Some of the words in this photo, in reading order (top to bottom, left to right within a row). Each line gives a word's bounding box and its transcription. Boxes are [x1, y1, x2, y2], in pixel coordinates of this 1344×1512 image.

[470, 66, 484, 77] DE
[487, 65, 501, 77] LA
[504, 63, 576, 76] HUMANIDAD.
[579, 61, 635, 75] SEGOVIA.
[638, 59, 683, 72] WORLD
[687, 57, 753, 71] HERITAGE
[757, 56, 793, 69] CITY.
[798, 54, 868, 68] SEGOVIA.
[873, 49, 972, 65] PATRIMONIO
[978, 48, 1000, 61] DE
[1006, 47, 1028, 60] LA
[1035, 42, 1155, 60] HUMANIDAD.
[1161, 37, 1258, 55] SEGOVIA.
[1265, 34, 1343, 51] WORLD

════════════════════

### TASK:
Each of the lines above should be printed again precisely as it reads.

### ANSWER FOR THIS EXERCISE:
Some of the words in this photo, in reading order (top to bottom, left to right within a row). Each line gives a word's bounding box and its transcription. Boxes are [x1, y1, x2, y2], in pixel coordinates of this 1344×1512 image.

[470, 66, 484, 77] DE
[487, 65, 501, 77] LA
[504, 63, 576, 76] HUMANIDAD.
[579, 61, 635, 75] SEGOVIA.
[638, 59, 683, 72] WORLD
[687, 57, 753, 71] HERITAGE
[757, 56, 793, 69] CITY.
[798, 54, 868, 68] SEGOVIA.
[873, 49, 972, 65] PATRIMONIO
[978, 48, 1000, 61] DE
[1006, 47, 1028, 60] LA
[1035, 42, 1155, 60] HUMANIDAD.
[1161, 37, 1258, 55] SEGOVIA.
[1265, 34, 1343, 51] WORLD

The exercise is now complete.